This property is called "coherence", and no, it doesn't always hold.

Establishing this property holds for a given semantics of proofs is a proof obligation. An example of when it doesn't arises with coercive subtyping -- if the diagrams corresponding to possible coercions do not all commute, then the semantics is not coherent, in that the meaning of a term depends critically on its typing derivation. If all you have is the term and knowledge that it has a typing derivation, you can't tell what it means, necessarily.

For a proof-theoretic characterization, the thing to look for is a cut-elimination theorem. One way of reading the cut-elimination theorem is precisely that it says that eliminating intro/elim and elim/intro pairs (i.e., $\beta$ and $\eta$ equations) induces a genuine equivalence relation on proofs.

However, we can still have essentially different proofs. For example, $x : A \land A \vdash \pi_1(x) : A$ and $x : A \land A \vdash \pi_2(x) : A$ are two different proofs that $A$ and $A$ entails $A$. However, cut-elimination guarantees that the addition of proof terms does make the typing derivations unique -- any proof of this entailment must be equal to one or the other, since every proof is equivalent to a cut-free proof, and these are the only two cut-free proofs, and the proof terms let us distinguish the two possibilities.

EDIT: There must be a treatment of this subject in somebody's book (Barendregt?), but I don't know off-hand, since I learned it via osmosis. Probably the best reference I can point you at is Jan Schwinghammer's paper "Coherence of Subsumption for Monadic Types", which nicely illustrates the idea, and whose references also contain pointers to the best available literature.
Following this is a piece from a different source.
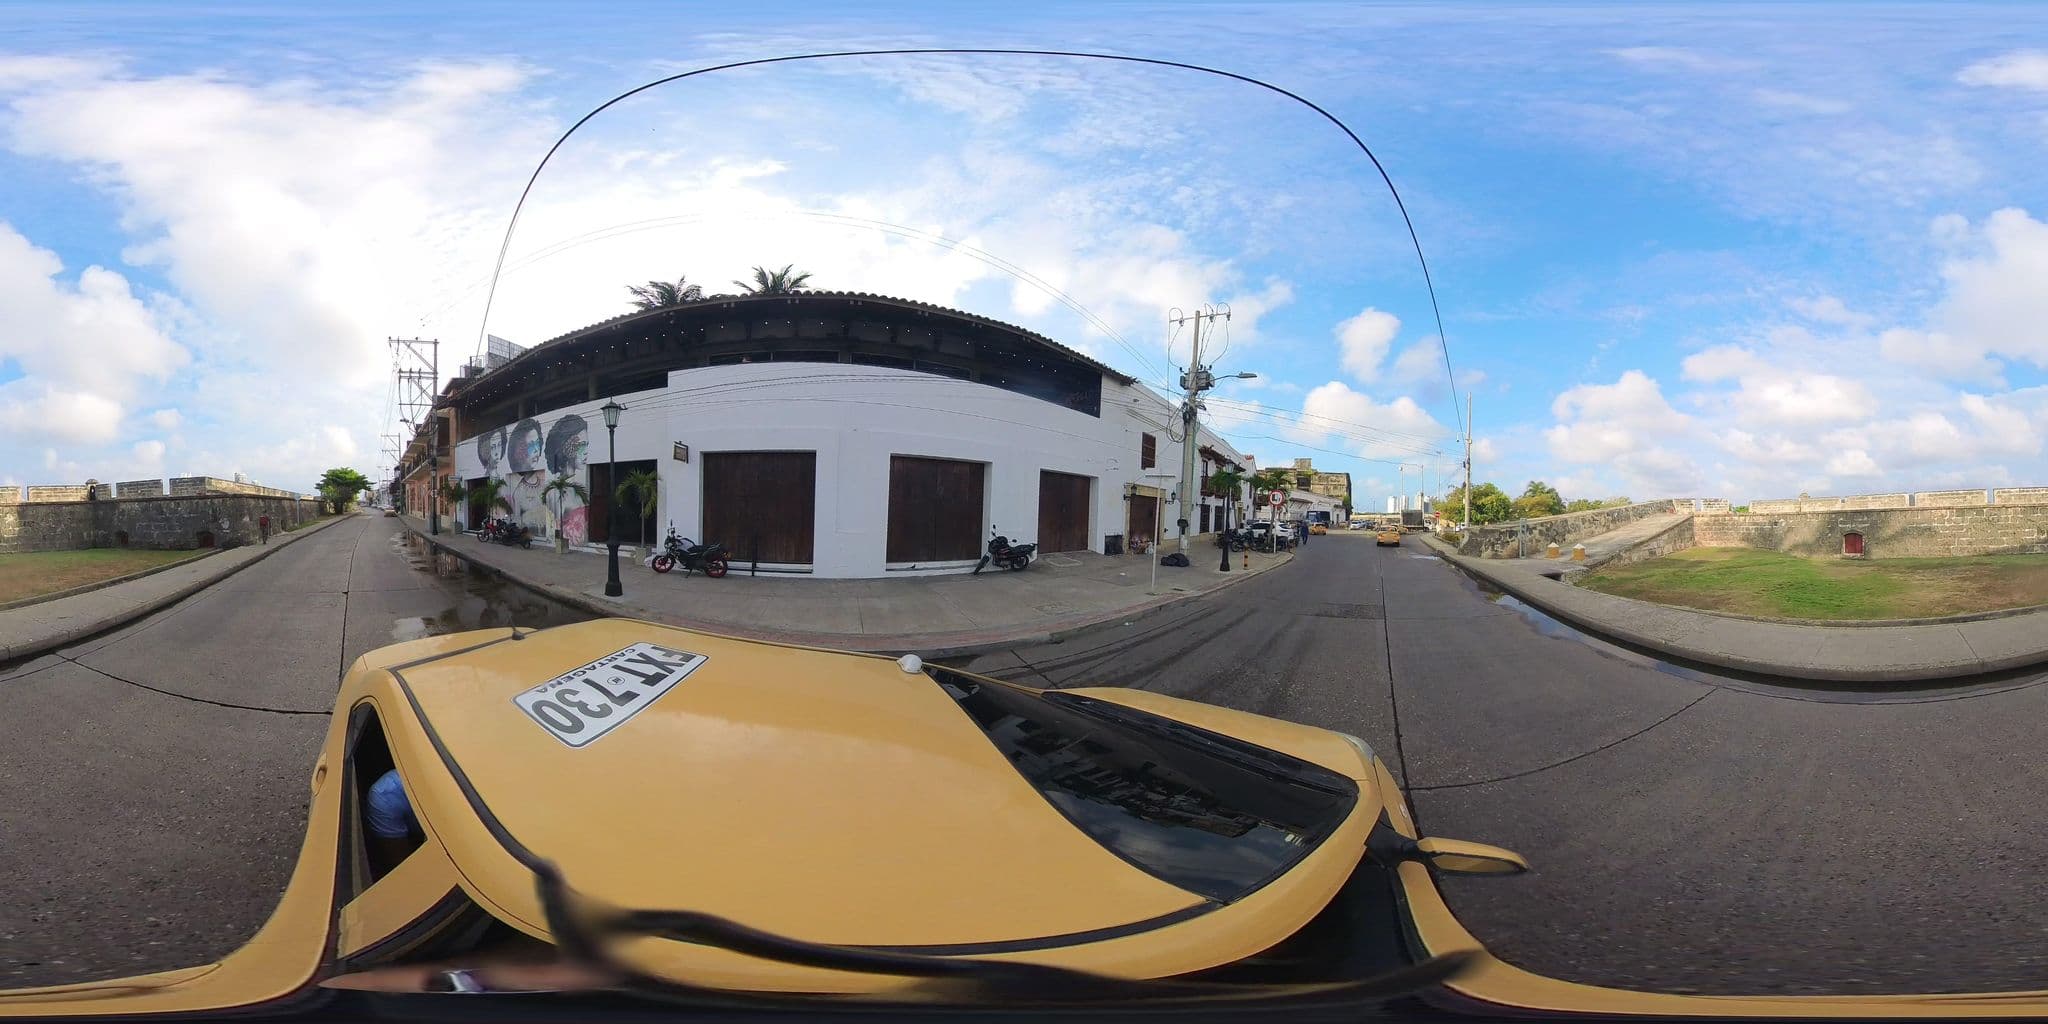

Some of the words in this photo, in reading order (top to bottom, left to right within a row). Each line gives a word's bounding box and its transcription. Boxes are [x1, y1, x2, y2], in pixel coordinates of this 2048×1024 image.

[535, 648, 636, 693] CARTAGENA
[612, 646, 697, 687] FXT
[531, 678, 641, 734] 730
Noam quite rightly points out that you might actually be interested in the case where all derivations of a judgement are equivalent. (This possibility honestly hadn't even occurred to me, since I'm too intuitionistically contaminated.) The keyword to search for in this case is "proof irrelevance", and I recommend Awodey and Bauer's paper "Propositions as [Types]".

EDIT 2: When cut-elimination holds, then the derivations of a calculus with proof terms become equivalent. If you don't have proof terms, then you can't guarantee equivalence of derivations.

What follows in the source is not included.